Dark America, Part 22 – Neuro-Mumbo-Jumbo

Continued from Chapter 21, here.

Back inside the control room, Orville had again managed to pull away from the blaring alarms of the electronic panels behind him.

“You succeeded,” I echoed his last words back to him. “What do you mean? You created a neural network?”

Orville, eyes flashing, gestured behind him at the banks of electronic panels, lights blinking on and off. “Does this look like nothing happened?”

“It looks like a bloody disaster happened!” Jaspers butted forward, eyes burning with anger. “You lot are bloody shouting about some sort of damn disaster about to happen, as if you haven’t stepped out-fuckin-side! Do you have any idea what’s going on in the bigger world?”

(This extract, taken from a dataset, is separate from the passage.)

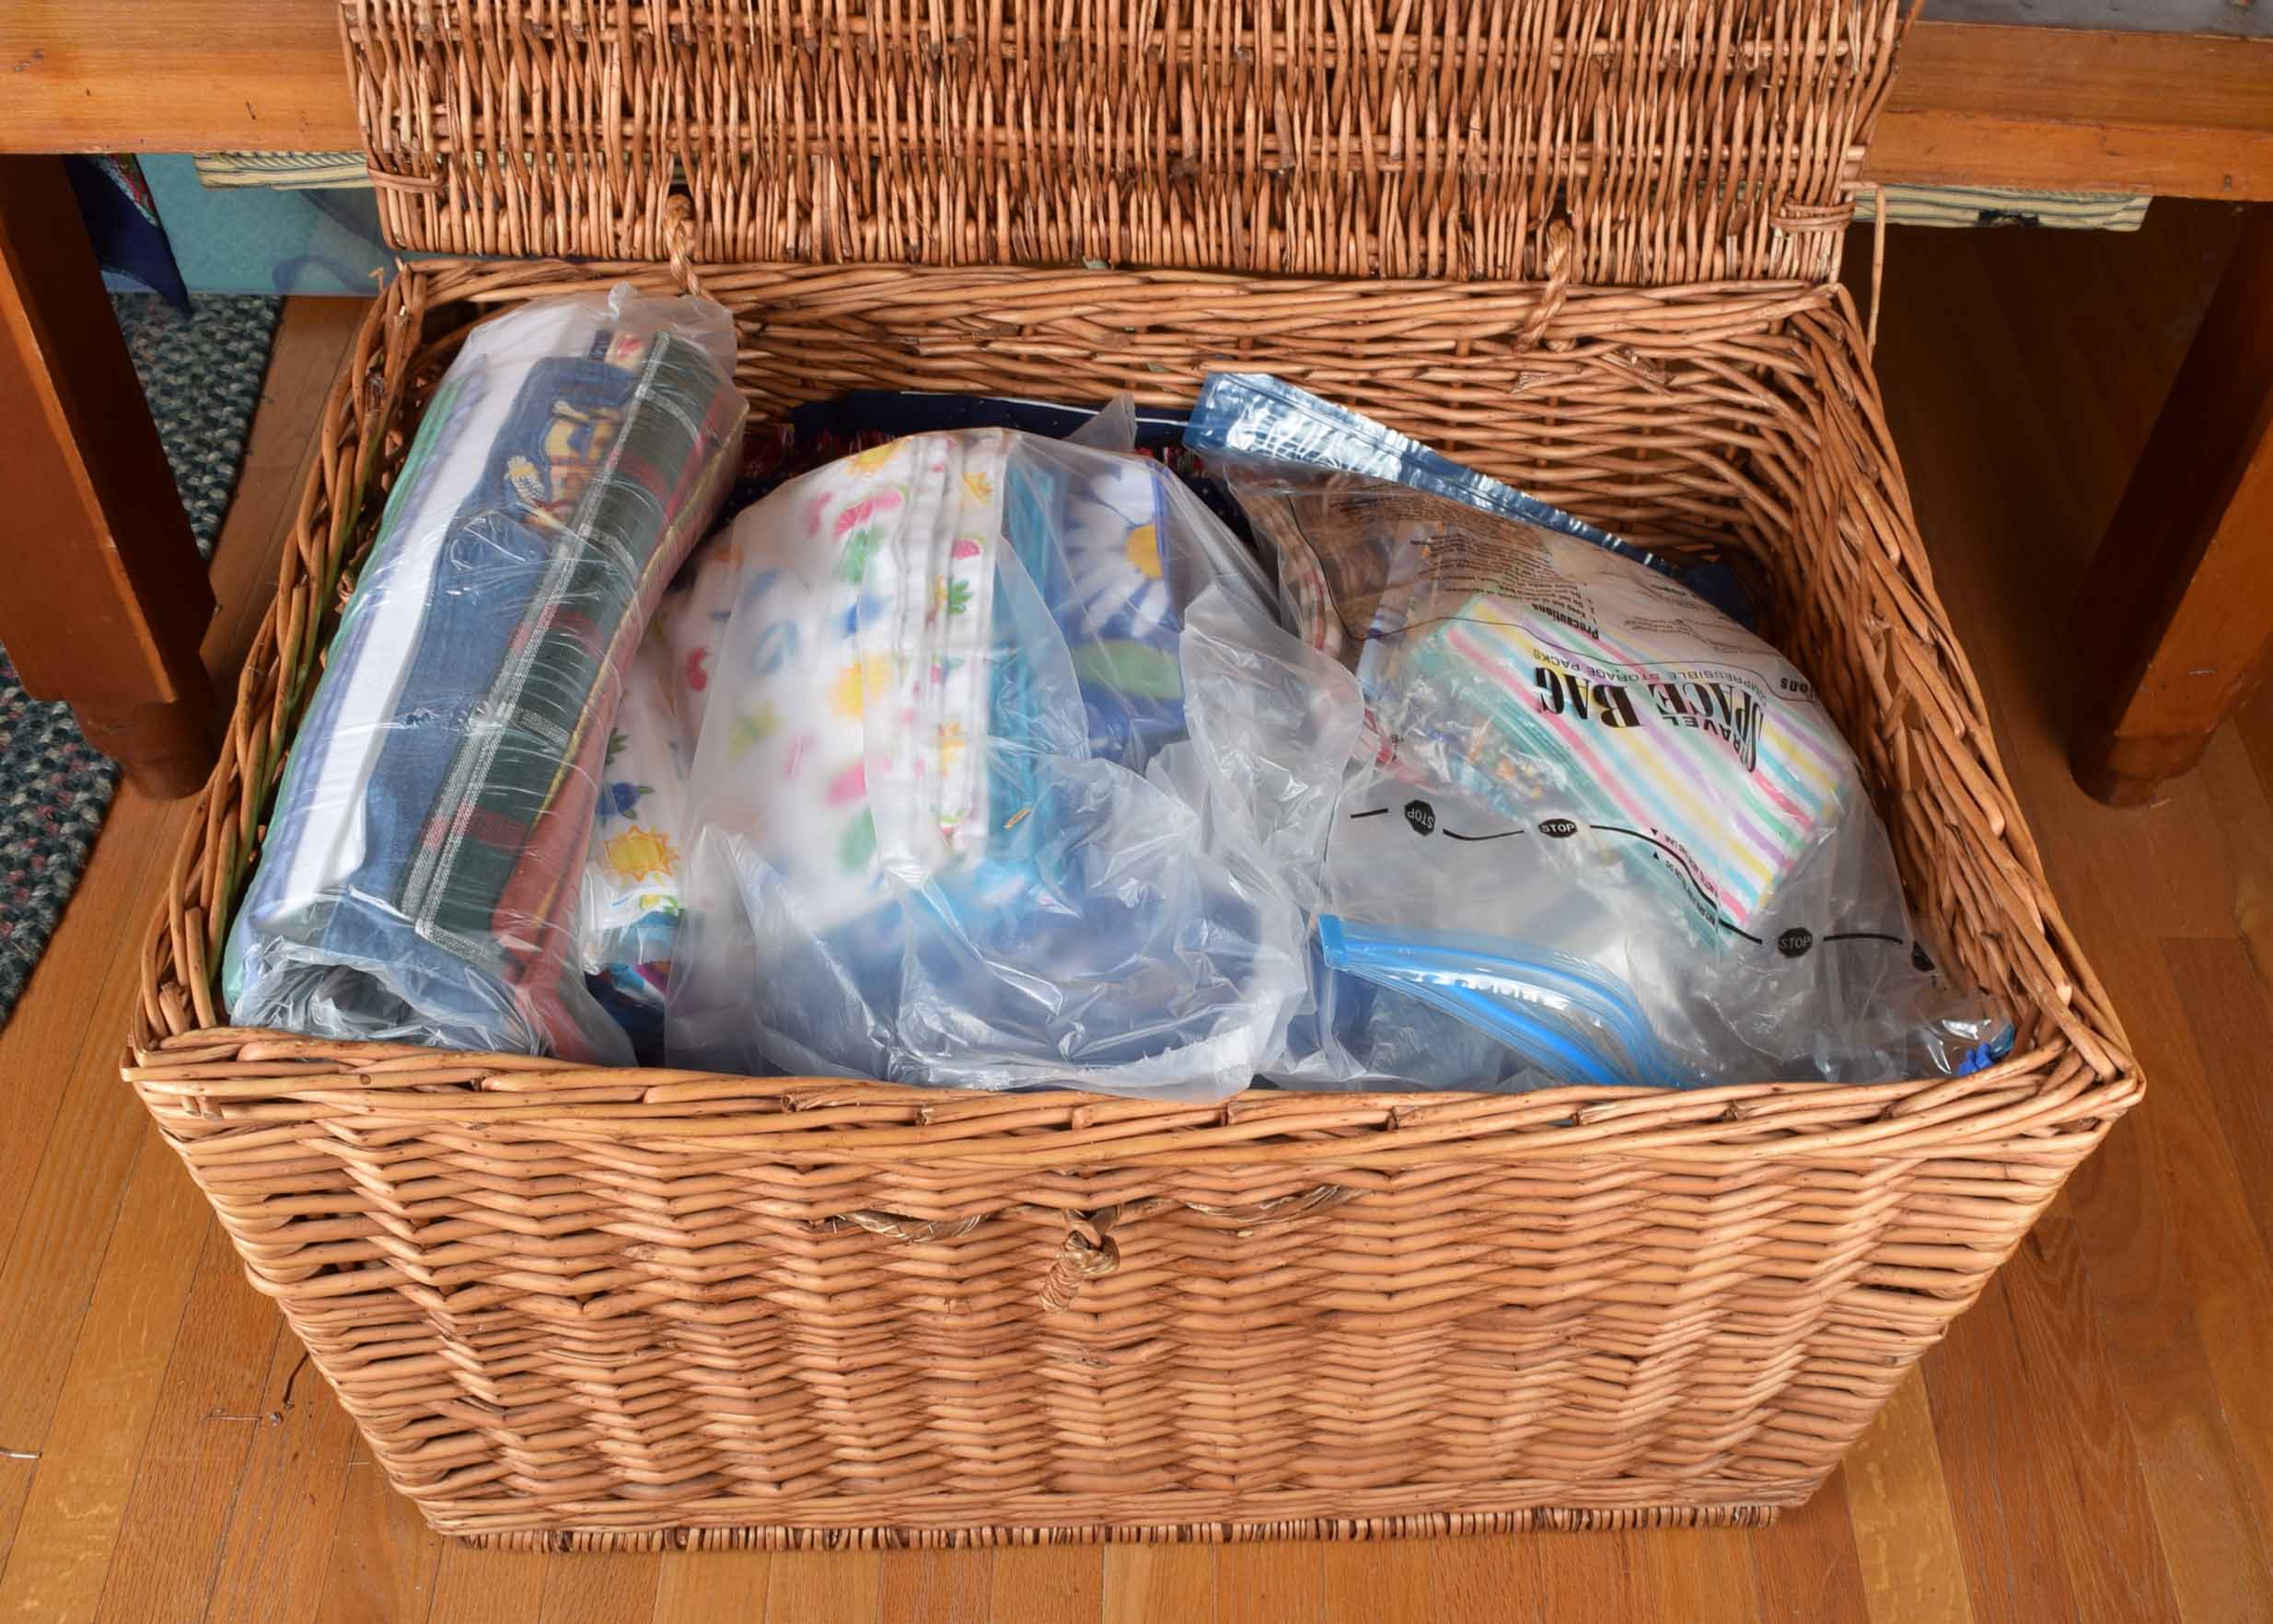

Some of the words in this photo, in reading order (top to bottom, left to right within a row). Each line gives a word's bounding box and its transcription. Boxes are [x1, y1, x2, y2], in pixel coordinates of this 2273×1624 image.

Orville stood taller than the burly SAS Brit by nearly a foot of height, but Jaspers probably edged him out on weight. The two approached, eyes locked and lips drawn back in nearly identical snarls. I almost felt tempted to let the pair of them duke it out, but something about the urgency of the scientists behind Orville told me that we might not have that kind of time.

“You two can arm-wrestle over this later,” I snapped, moving in between the pair of them. I put one hand out to touch Jaspers and defuse him, even as my eyes stared down Orville. “Now, where’s Nathaniel?”

That, clearly, wasn’t what Orville had been expecting me to ask.

He took a step backward, breath whooshing out of him as if I’d literally socked him in the chest. “Nathaniel?” he echoed, his voice filled with shocked disbelief – and another emotion, beneath the disbelief, that I couldn’t quite make out. Sadness? Fear?

I nodded. “Nathaniel Hobbson. Isn’t he the head of this project?”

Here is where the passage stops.